Action item: Restate every record word for word, without the pictures.

(Stored data entries)
'''
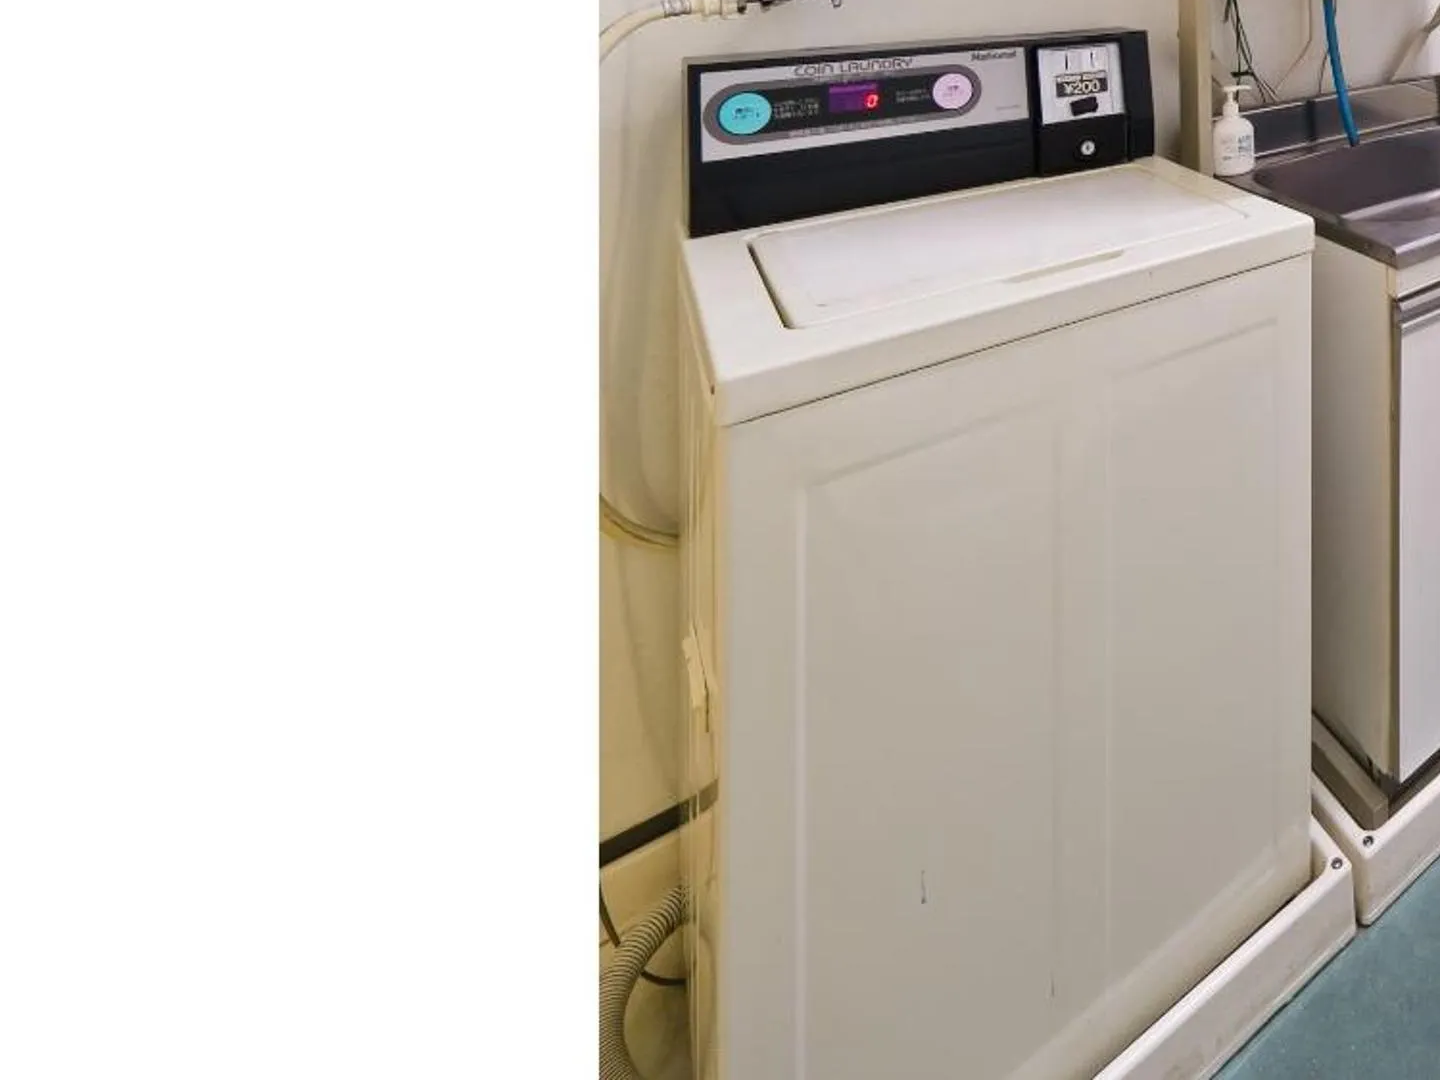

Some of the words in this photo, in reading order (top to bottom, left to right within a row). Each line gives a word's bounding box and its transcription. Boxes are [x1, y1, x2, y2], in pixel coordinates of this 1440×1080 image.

[971, 50, 1017, 61] National
[793, 63, 834, 77] COIN
[839, 57, 914, 73] LAUNDRY
[1063, 81, 1100, 95] ¥200
[865, 93, 880, 109] 0
'''
Task response:
Some of the words in this photo, in reading order (top to bottom, left to right within a row). Each line gives a word's bounding box and its transcription. Boxes are [x1, y1, x2, y2], in pixel coordinates of this 1440×1080 image.

[971, 50, 1017, 61] National
[793, 63, 834, 77] COIN
[839, 57, 914, 73] LAUNDRY
[1063, 81, 1100, 95] ¥200
[865, 93, 880, 109] 0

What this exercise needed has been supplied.